* **Work to complete**
Each line of the data is to be output verbatim, with the images removed.

_ _ _ _ _

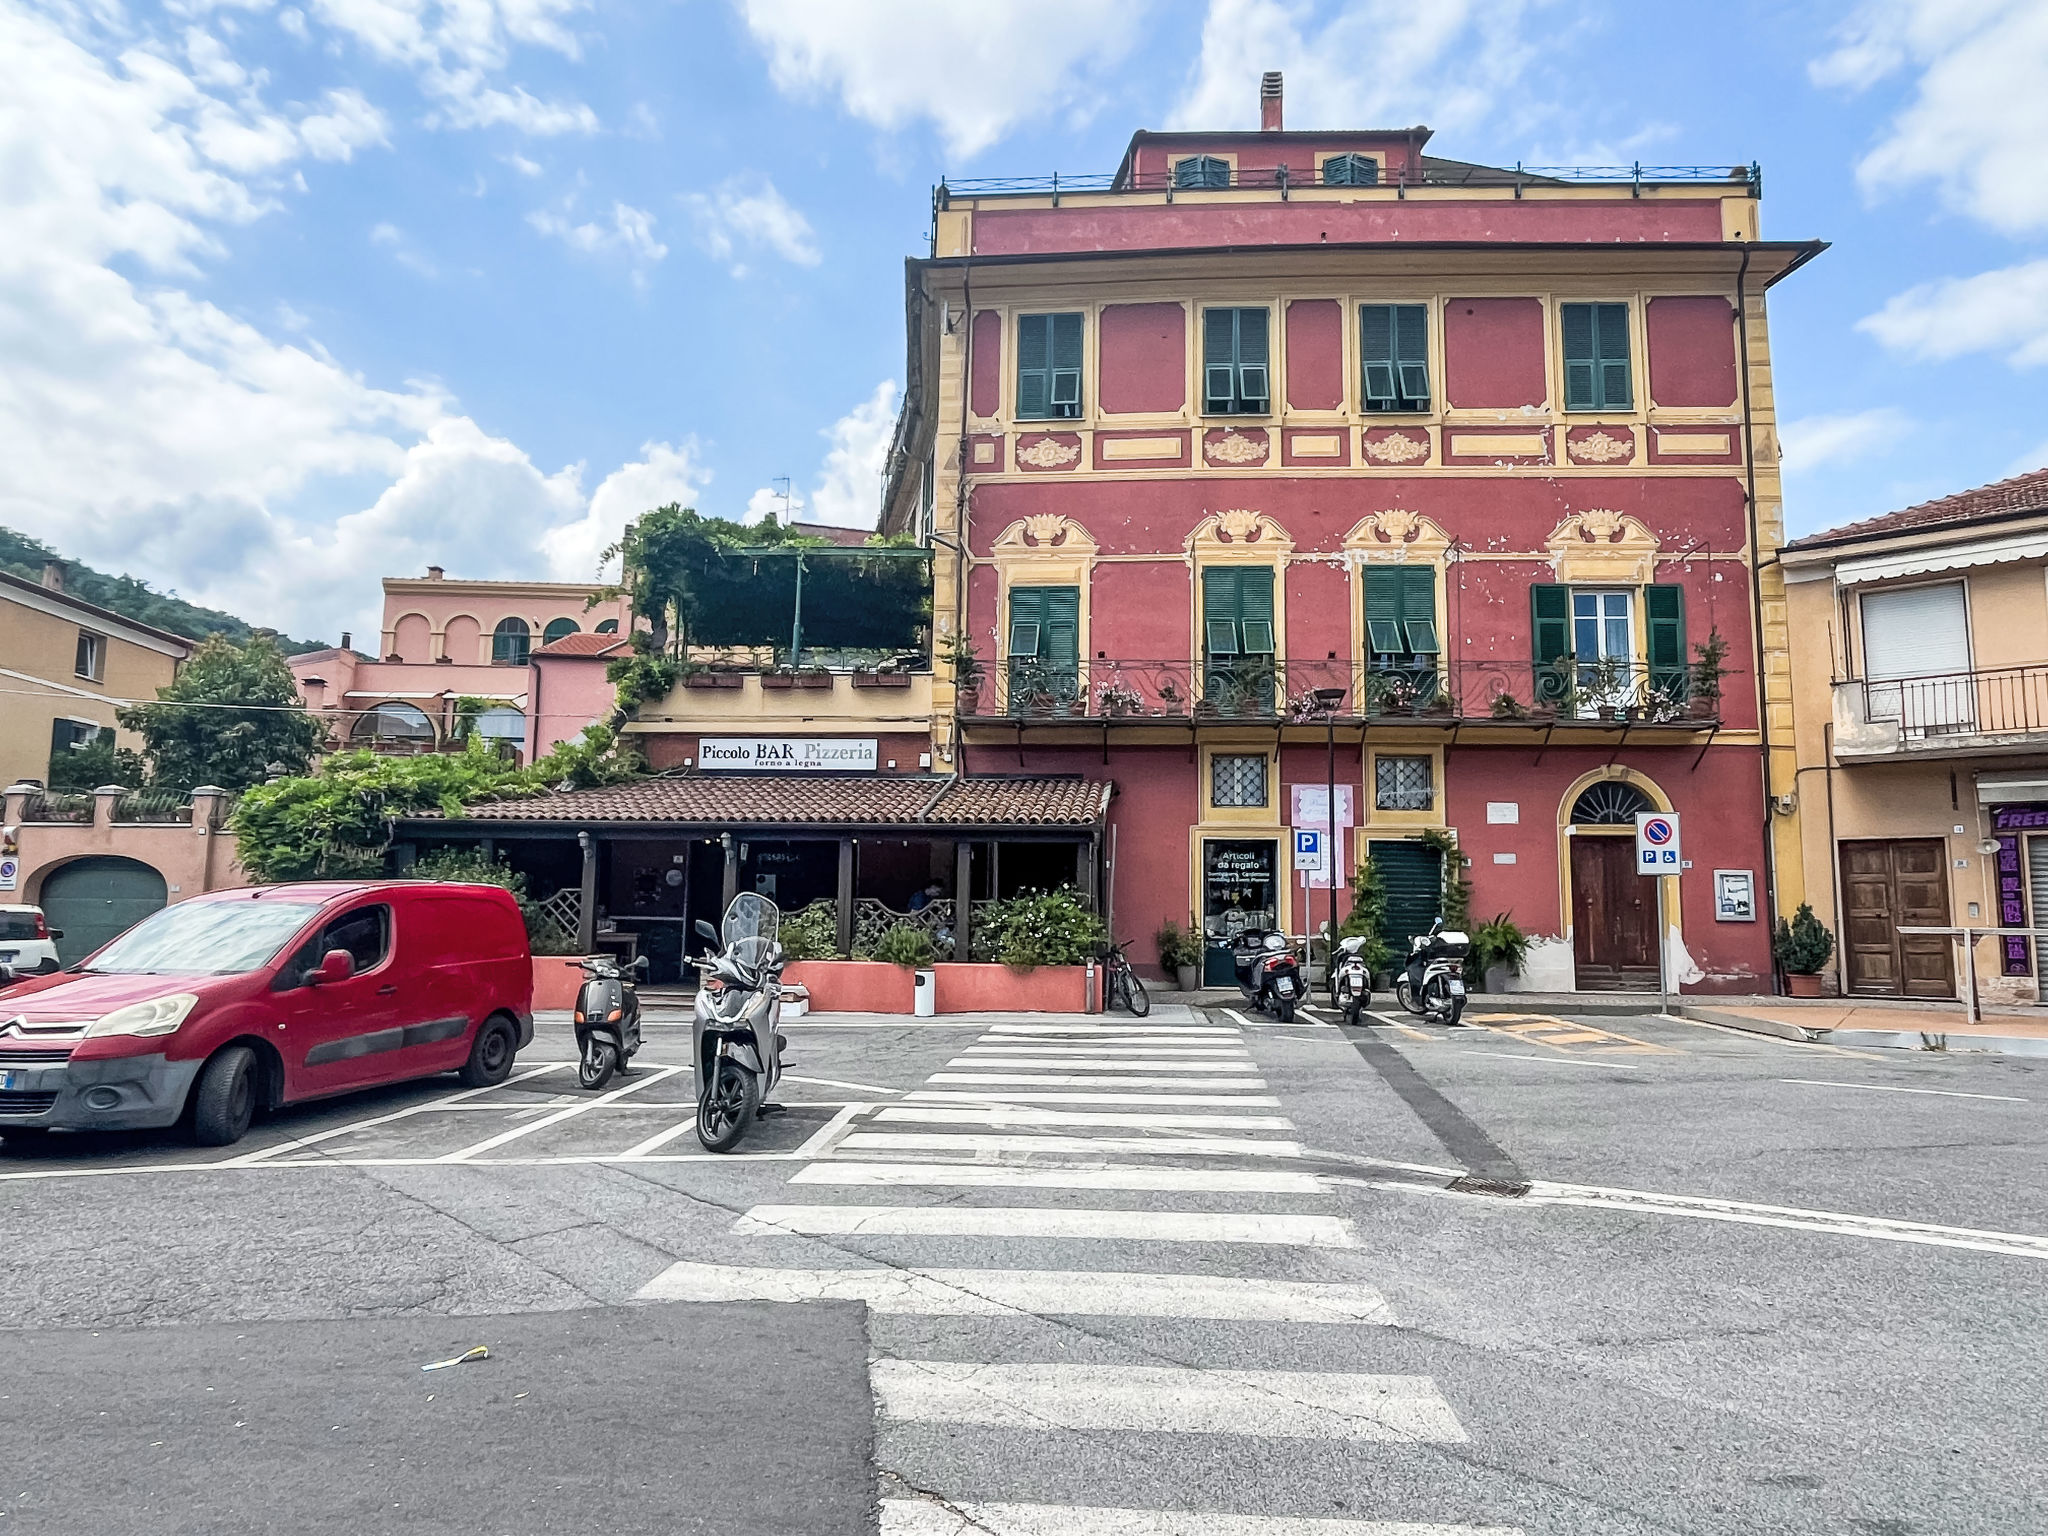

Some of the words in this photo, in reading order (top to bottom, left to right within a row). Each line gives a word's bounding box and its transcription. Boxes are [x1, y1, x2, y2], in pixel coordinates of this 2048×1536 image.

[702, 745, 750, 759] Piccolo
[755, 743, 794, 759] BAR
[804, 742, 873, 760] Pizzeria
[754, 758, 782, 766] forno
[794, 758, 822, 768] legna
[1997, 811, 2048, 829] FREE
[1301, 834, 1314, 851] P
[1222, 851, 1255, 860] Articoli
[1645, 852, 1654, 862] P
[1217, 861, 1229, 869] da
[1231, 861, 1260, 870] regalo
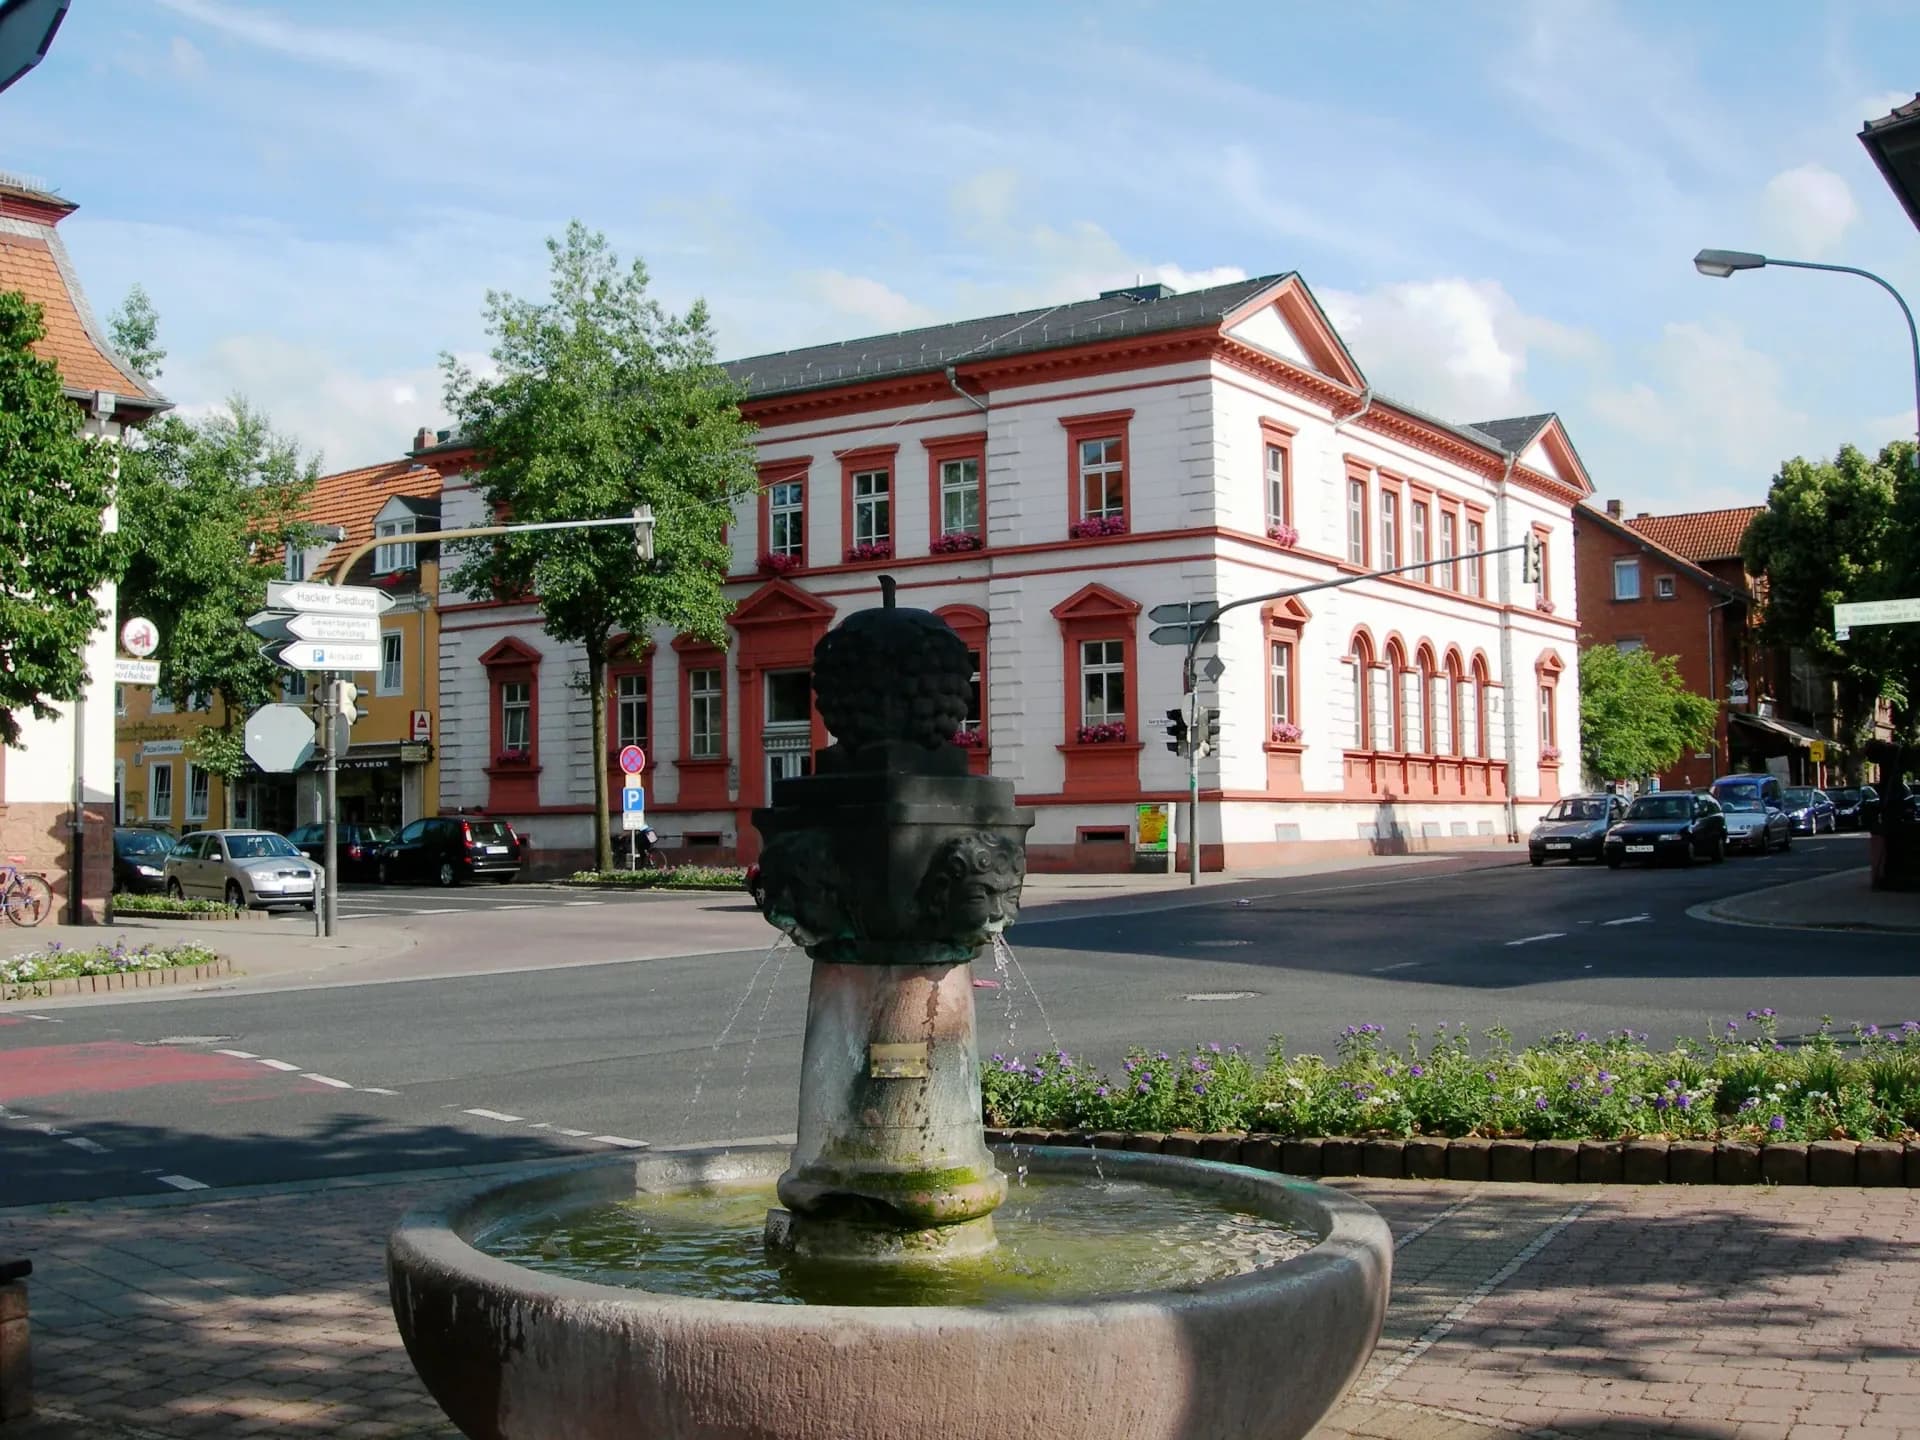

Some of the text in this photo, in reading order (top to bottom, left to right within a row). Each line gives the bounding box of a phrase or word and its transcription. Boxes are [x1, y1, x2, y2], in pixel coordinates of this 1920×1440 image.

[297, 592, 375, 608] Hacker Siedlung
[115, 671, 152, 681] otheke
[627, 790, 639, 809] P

_ _ _ _ _

* **Solved exercise**
Some of the words in this photo, in reading order (top to bottom, left to right within a row). Each line gives a word's bounding box and its transcription. Boxes are [x1, y1, x2, y2], in pixel coordinates of this 2048×1536 image.

[702, 745, 750, 759] Piccolo
[755, 743, 794, 759] BAR
[804, 742, 873, 760] Pizzeria
[754, 758, 782, 766] forno
[794, 758, 822, 768] legna
[1997, 811, 2048, 829] FREE
[1301, 834, 1314, 851] P
[1222, 851, 1255, 860] Articoli
[1645, 852, 1654, 862] P
[1217, 861, 1229, 869] da
[1231, 861, 1260, 870] regalo

Some of the text in this photo, in reading order (top to bottom, left to right within a row). Each line gives the bounding box of a phrase or word and its transcription. Boxes are [x1, y1, x2, y2], in pixel coordinates of this 1920×1440 image.

[297, 592, 375, 608] Hacker Siedlung
[115, 671, 152, 681] otheke
[627, 790, 639, 809] P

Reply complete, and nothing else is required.